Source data
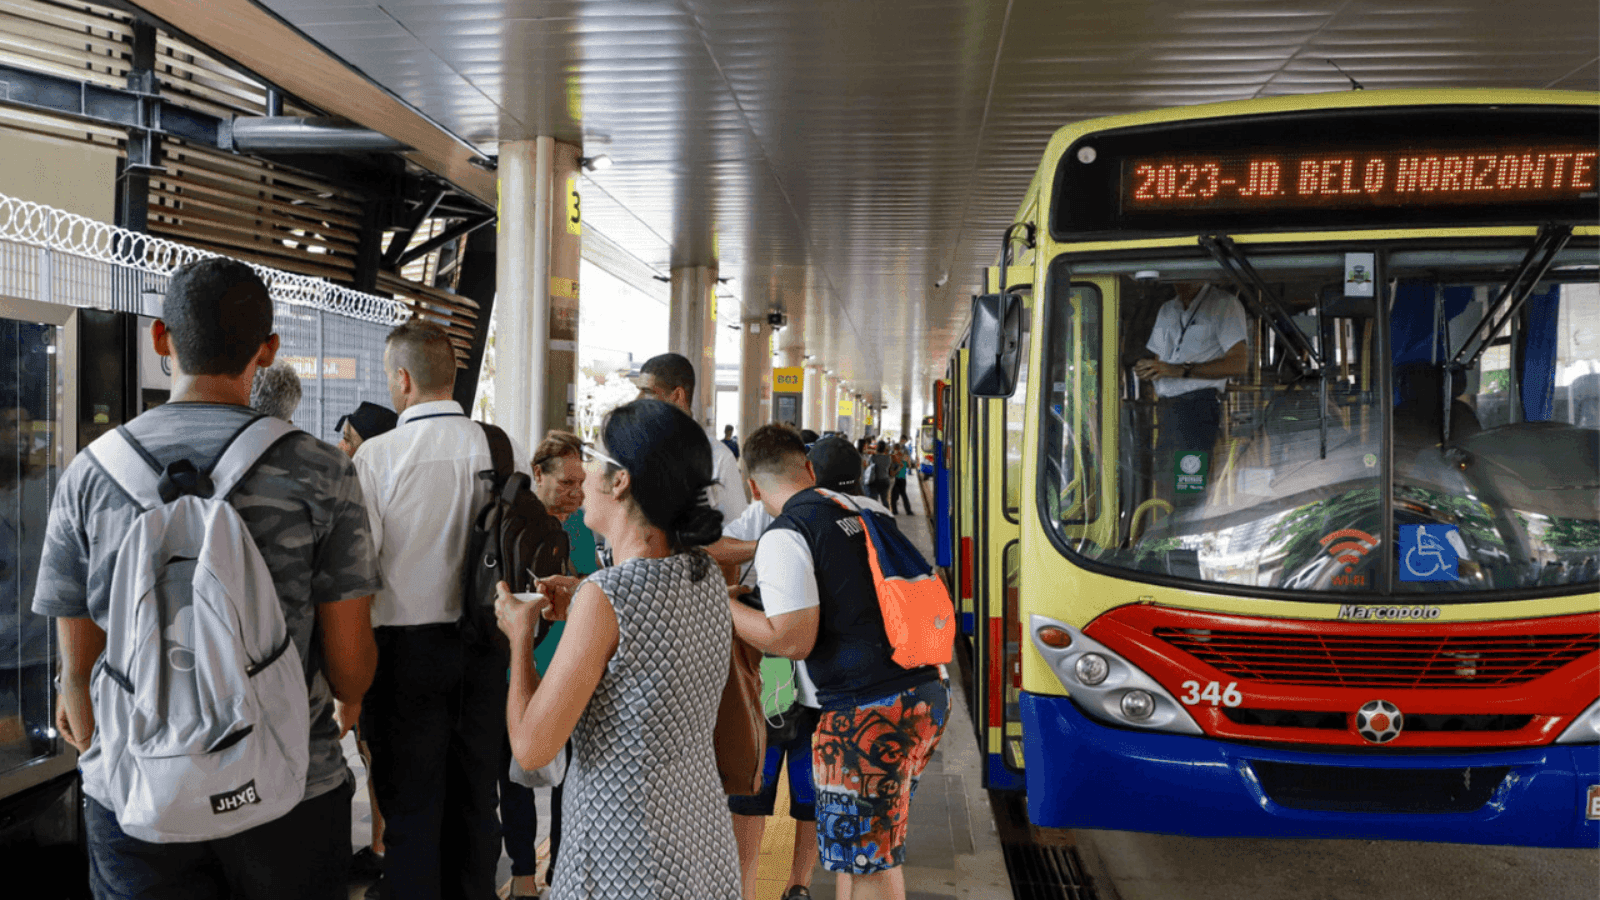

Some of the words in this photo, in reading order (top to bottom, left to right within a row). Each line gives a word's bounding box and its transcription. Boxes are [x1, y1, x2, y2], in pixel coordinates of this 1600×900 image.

[1135, 160, 1285, 199] 2023-JD.
[1299, 159, 1385, 195] BELO
[1395, 152, 1596, 192] HORIZONTE
[570, 190, 580, 223] 3
[777, 374, 798, 384] B03
[1338, 604, 1441, 620] Marcopolo
[1180, 680, 1242, 707] 346

** Instructions to follow **
With the images excluded, all entries are to be given again exactly.

** Exercise solution **
Some of the words in this photo, in reading order (top to bottom, left to right within a row). Each line gives a word's bounding box and its transcription. Boxes are [x1, y1, x2, y2], in pixel coordinates of this 1600×900 image.

[1135, 160, 1285, 199] 2023-JD.
[1299, 159, 1385, 195] BELO
[1395, 152, 1596, 192] HORIZONTE
[570, 190, 580, 223] 3
[777, 374, 798, 384] B03
[1338, 604, 1441, 620] Marcopolo
[1180, 680, 1242, 707] 346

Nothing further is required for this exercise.